▼▼▼

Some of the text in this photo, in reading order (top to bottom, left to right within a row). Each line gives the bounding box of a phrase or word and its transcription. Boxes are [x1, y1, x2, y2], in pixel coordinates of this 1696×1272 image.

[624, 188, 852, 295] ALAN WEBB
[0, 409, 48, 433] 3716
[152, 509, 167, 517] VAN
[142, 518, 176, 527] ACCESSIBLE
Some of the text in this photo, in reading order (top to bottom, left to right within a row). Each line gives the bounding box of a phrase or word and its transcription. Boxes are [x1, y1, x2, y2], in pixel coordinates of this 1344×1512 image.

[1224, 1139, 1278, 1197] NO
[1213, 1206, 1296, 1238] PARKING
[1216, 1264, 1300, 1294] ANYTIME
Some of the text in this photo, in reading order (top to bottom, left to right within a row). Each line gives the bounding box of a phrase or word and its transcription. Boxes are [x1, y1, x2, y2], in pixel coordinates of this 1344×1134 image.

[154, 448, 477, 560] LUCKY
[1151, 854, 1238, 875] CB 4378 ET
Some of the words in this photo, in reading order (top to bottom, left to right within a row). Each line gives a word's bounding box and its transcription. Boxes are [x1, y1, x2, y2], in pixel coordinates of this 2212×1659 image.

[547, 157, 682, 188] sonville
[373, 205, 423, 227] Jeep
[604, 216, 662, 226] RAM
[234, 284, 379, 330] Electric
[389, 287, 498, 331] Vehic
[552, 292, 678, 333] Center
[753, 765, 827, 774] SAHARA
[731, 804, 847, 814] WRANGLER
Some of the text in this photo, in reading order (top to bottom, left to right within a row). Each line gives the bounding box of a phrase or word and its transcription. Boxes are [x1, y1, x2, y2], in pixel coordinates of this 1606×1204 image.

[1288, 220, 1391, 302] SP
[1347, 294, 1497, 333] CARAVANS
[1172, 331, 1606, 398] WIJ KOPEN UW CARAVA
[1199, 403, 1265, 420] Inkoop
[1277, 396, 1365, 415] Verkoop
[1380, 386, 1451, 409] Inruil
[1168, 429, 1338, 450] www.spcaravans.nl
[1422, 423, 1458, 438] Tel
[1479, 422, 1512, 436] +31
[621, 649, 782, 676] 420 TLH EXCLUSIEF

▲▲▲

*How to complete this task:* Restate all of the data above. Match it word for word.

*Written answer:*
Some of the text in this photo, in reading order (top to bottom, left to right within a row). Each line gives the bounding box of a phrase or word and its transcription. Boxes are [x1, y1, x2, y2], in pixel coordinates of this 1696×1272 image.

[624, 188, 852, 295] ALAN WEBB
[0, 409, 48, 433] 3716
[152, 509, 167, 517] VAN
[142, 518, 176, 527] ACCESSIBLE
Some of the text in this photo, in reading order (top to bottom, left to right within a row). Each line gives the bounding box of a phrase or word and its transcription. Boxes are [x1, y1, x2, y2], in pixel coordinates of this 1344×1512 image.

[1224, 1139, 1278, 1197] NO
[1213, 1206, 1296, 1238] PARKING
[1216, 1264, 1300, 1294] ANYTIME
Some of the text in this photo, in reading order (top to bottom, left to right within a row). Each line gives the bounding box of a phrase or word and its transcription. Boxes are [x1, y1, x2, y2], in pixel coordinates of this 1344×1134 image.

[154, 448, 477, 560] LUCKY
[1151, 854, 1238, 875] CB 4378 ET
Some of the words in this photo, in reading order (top to bottom, left to right within a row). Each line gives a word's bounding box and its transcription. Boxes are [x1, y1, x2, y2], in pixel coordinates of this 2212×1659 image.

[547, 157, 682, 188] sonville
[373, 205, 423, 227] Jeep
[604, 216, 662, 226] RAM
[234, 284, 379, 330] Electric
[389, 287, 498, 331] Vehic
[552, 292, 678, 333] Center
[753, 765, 827, 774] SAHARA
[731, 804, 847, 814] WRANGLER
Some of the text in this photo, in reading order (top to bottom, left to right within a row). Each line gives the bounding box of a phrase or word and its transcription. Boxes are [x1, y1, x2, y2], in pixel coordinates of this 1606×1204 image.

[1288, 220, 1391, 302] SP
[1347, 294, 1497, 333] CARAVANS
[1172, 331, 1606, 398] WIJ KOPEN UW CARAVA
[1199, 403, 1265, 420] Inkoop
[1277, 396, 1365, 415] Verkoop
[1380, 386, 1451, 409] Inruil
[1168, 429, 1338, 450] www.spcaravans.nl
[1422, 423, 1458, 438] Tel
[1479, 422, 1512, 436] +31
[621, 649, 782, 676] 420 TLH EXCLUSIEF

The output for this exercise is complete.